**Required work**
Below are records to print word for word; include none of their pictures.

Spatial localization data:
------------------------

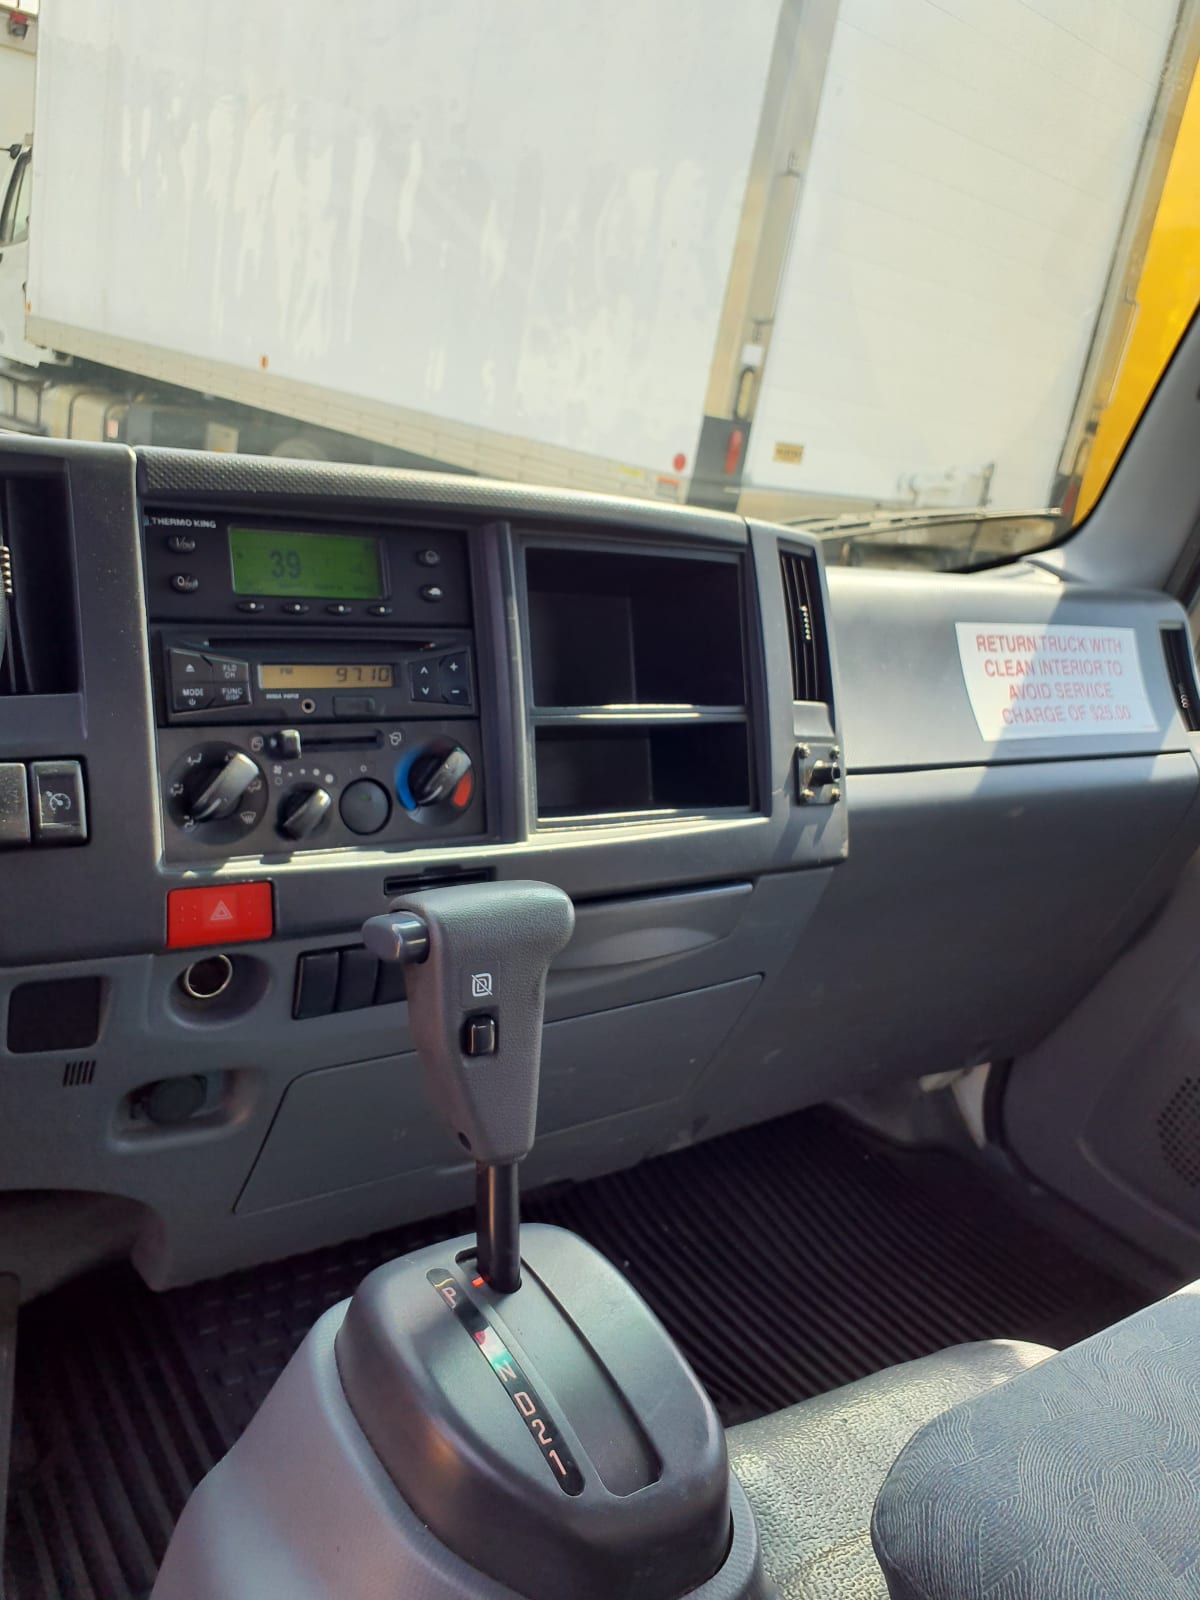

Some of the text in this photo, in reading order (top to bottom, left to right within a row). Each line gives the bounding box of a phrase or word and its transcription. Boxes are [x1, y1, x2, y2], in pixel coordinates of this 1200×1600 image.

[152, 517, 217, 529] THERMO KING
[270, 550, 302, 579] 39
[976, 634, 1121, 653] RETURN TRUCK WITH
[984, 659, 1123, 677] CLEAN INTERIOR TO
[182, 687, 204, 697] MODE
[222, 687, 243, 696] FUNC
[1009, 682, 1113, 700] AVOID SERVICE
[1002, 704, 1131, 725] CHARGE OF $25.00
[513, 1391, 536, 1417] D
[531, 1418, 553, 1445] 2
[549, 1449, 568, 1476] 1
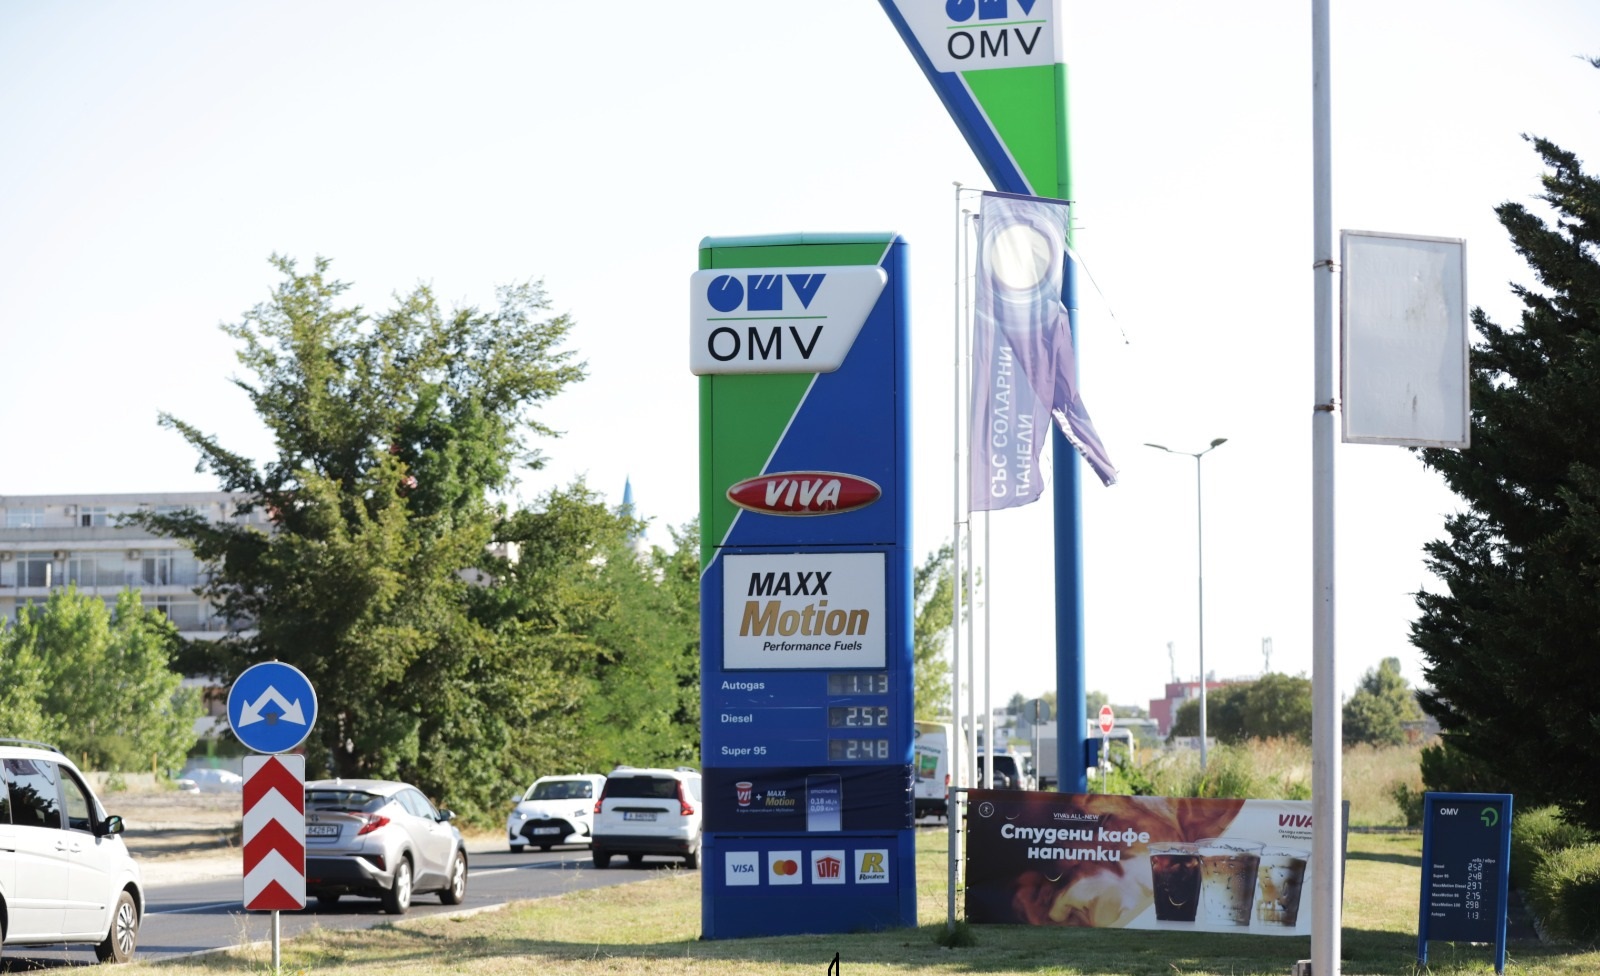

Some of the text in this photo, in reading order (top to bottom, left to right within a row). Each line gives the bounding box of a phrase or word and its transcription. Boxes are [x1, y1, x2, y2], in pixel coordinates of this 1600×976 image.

[947, 26, 1042, 60] OMV
[707, 325, 824, 361] OMV
[991, 346, 1013, 498] СЪС СОЛАРНИ
[1015, 414, 1033, 497] ПАНЕЛИ
[764, 478, 842, 507] VIVA
[747, 571, 832, 597] MAXX
[739, 600, 870, 637] Motion
[763, 640, 863, 652] Performance Fuels
[721, 681, 765, 692] Autogas
[721, 714, 753, 723] Diesel
[721, 746, 751, 757] Super
[753, 746, 767, 756] 95
[765, 797, 795, 807] Motion
[1440, 808, 1459, 816] OMV
[1001, 823, 1150, 847] Студени кафе
[1027, 846, 1121, 862] напитки
[731, 863, 755, 874] VISA
[816, 856, 841, 878] UTA
[859, 873, 885, 881] Routex
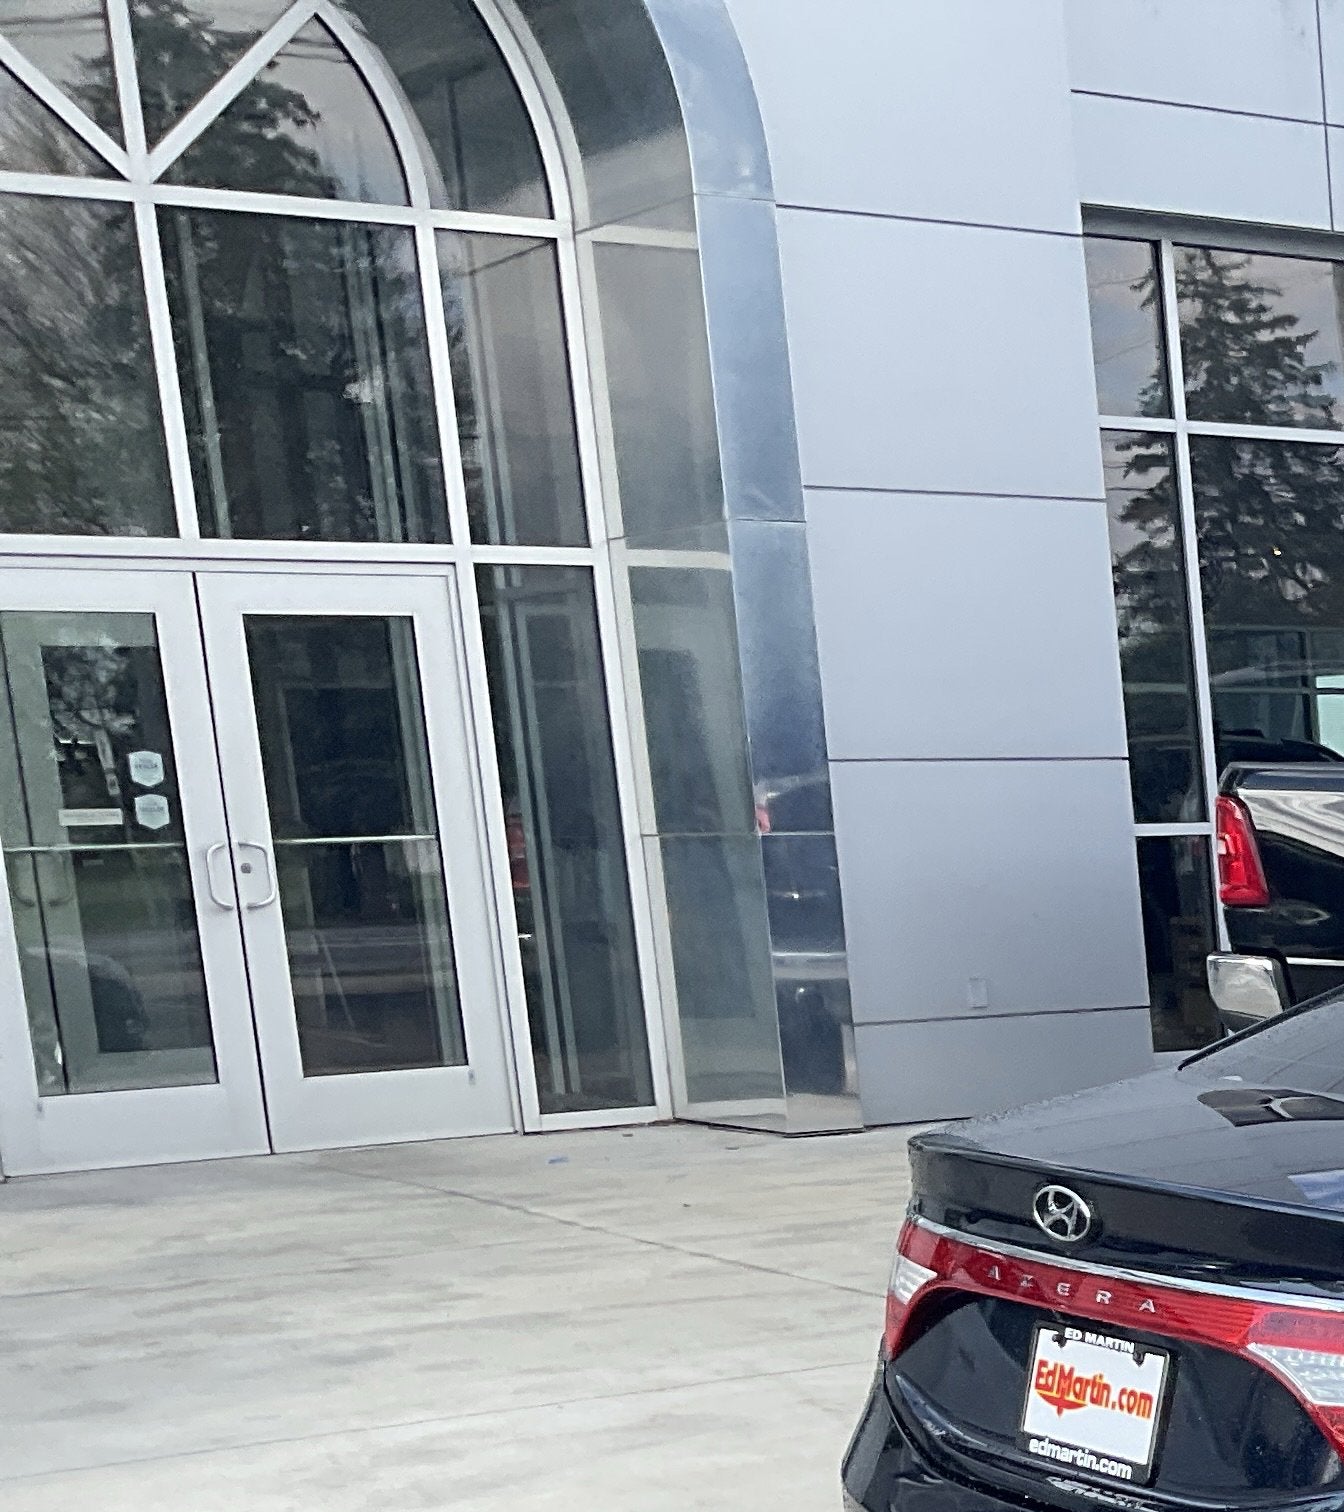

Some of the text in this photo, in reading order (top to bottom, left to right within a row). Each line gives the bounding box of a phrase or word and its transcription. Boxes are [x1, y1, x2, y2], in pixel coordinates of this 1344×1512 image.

[987, 1264, 1157, 1314] AZERA
[1064, 1327, 1135, 1354] ED MARTIN
[1034, 1359, 1154, 1420] EdMartin.com
[1028, 1437, 1133, 1480] edmartin.com

------------------------

**Response for this exercise**
Some of the text in this photo, in reading order (top to bottom, left to right within a row). Each line gives the bounding box of a phrase or word and its transcription. Boxes are [x1, y1, x2, y2], in pixel coordinates of this 1200×1600 image.

[152, 517, 217, 529] THERMO KING
[270, 550, 302, 579] 39
[976, 634, 1121, 653] RETURN TRUCK WITH
[984, 659, 1123, 677] CLEAN INTERIOR TO
[182, 687, 204, 697] MODE
[222, 687, 243, 696] FUNC
[1009, 682, 1113, 700] AVOID SERVICE
[1002, 704, 1131, 725] CHARGE OF $25.00
[513, 1391, 536, 1417] D
[531, 1418, 553, 1445] 2
[549, 1449, 568, 1476] 1

Some of the text in this photo, in reading order (top to bottom, left to right within a row). Each line gives the bounding box of a phrase or word and its transcription. Boxes are [x1, y1, x2, y2], in pixel coordinates of this 1600×976 image.

[947, 26, 1042, 60] OMV
[707, 325, 824, 361] OMV
[991, 346, 1013, 498] СЪС СОЛАРНИ
[1015, 414, 1033, 497] ПАНЕЛИ
[764, 478, 842, 507] VIVA
[747, 571, 832, 597] MAXX
[739, 600, 870, 637] Motion
[763, 640, 863, 652] Performance Fuels
[721, 681, 765, 692] Autogas
[721, 714, 753, 723] Diesel
[721, 746, 751, 757] Super
[753, 746, 767, 756] 95
[765, 797, 795, 807] Motion
[1440, 808, 1459, 816] OMV
[1001, 823, 1150, 847] Студени кафе
[1027, 846, 1121, 862] напитки
[731, 863, 755, 874] VISA
[816, 856, 841, 878] UTA
[859, 873, 885, 881] Routex

Some of the text in this photo, in reading order (top to bottom, left to right within a row). Each line gives the bounding box of a phrase or word and its transcription. Boxes are [x1, y1, x2, y2], in pixel coordinates of this 1344×1512 image.

[987, 1264, 1157, 1314] AZERA
[1064, 1327, 1135, 1354] ED MARTIN
[1034, 1359, 1154, 1420] EdMartin.com
[1028, 1437, 1133, 1480] edmartin.com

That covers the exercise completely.